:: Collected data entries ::
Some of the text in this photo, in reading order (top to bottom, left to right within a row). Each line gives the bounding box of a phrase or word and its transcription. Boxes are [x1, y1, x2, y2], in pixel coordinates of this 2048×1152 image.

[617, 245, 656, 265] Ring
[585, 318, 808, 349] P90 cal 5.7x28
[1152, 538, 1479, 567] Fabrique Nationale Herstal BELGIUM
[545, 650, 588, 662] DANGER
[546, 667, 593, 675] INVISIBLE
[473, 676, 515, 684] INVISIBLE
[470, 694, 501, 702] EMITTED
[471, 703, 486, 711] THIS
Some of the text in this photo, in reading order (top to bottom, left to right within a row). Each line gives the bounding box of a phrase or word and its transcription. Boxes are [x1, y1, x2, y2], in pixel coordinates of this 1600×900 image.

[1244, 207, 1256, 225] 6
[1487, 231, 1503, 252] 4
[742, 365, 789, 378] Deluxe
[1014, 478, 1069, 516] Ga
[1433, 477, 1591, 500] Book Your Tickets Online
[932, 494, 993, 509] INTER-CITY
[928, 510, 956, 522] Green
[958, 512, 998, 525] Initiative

:: What the task asks ::
Would you repeat each of the records above exactly?

:: Final answer ::
Some of the text in this photo, in reading order (top to bottom, left to right within a row). Each line gives the bounding box of a phrase or word and its transcription. Boxes are [x1, y1, x2, y2], in pixel coordinates of this 2048×1152 image.

[617, 245, 656, 265] Ring
[585, 318, 808, 349] P90 cal 5.7x28
[1152, 538, 1479, 567] Fabrique Nationale Herstal BELGIUM
[545, 650, 588, 662] DANGER
[546, 667, 593, 675] INVISIBLE
[473, 676, 515, 684] INVISIBLE
[470, 694, 501, 702] EMITTED
[471, 703, 486, 711] THIS
Some of the text in this photo, in reading order (top to bottom, left to right within a row). Each line gives the bounding box of a phrase or word and its transcription. Boxes are [x1, y1, x2, y2], in pixel coordinates of this 1600×900 image.

[1244, 207, 1256, 225] 6
[1487, 231, 1503, 252] 4
[742, 365, 789, 378] Deluxe
[1014, 478, 1069, 516] Ga
[1433, 477, 1591, 500] Book Your Tickets Online
[932, 494, 993, 509] INTER-CITY
[928, 510, 956, 522] Green
[958, 512, 998, 525] Initiative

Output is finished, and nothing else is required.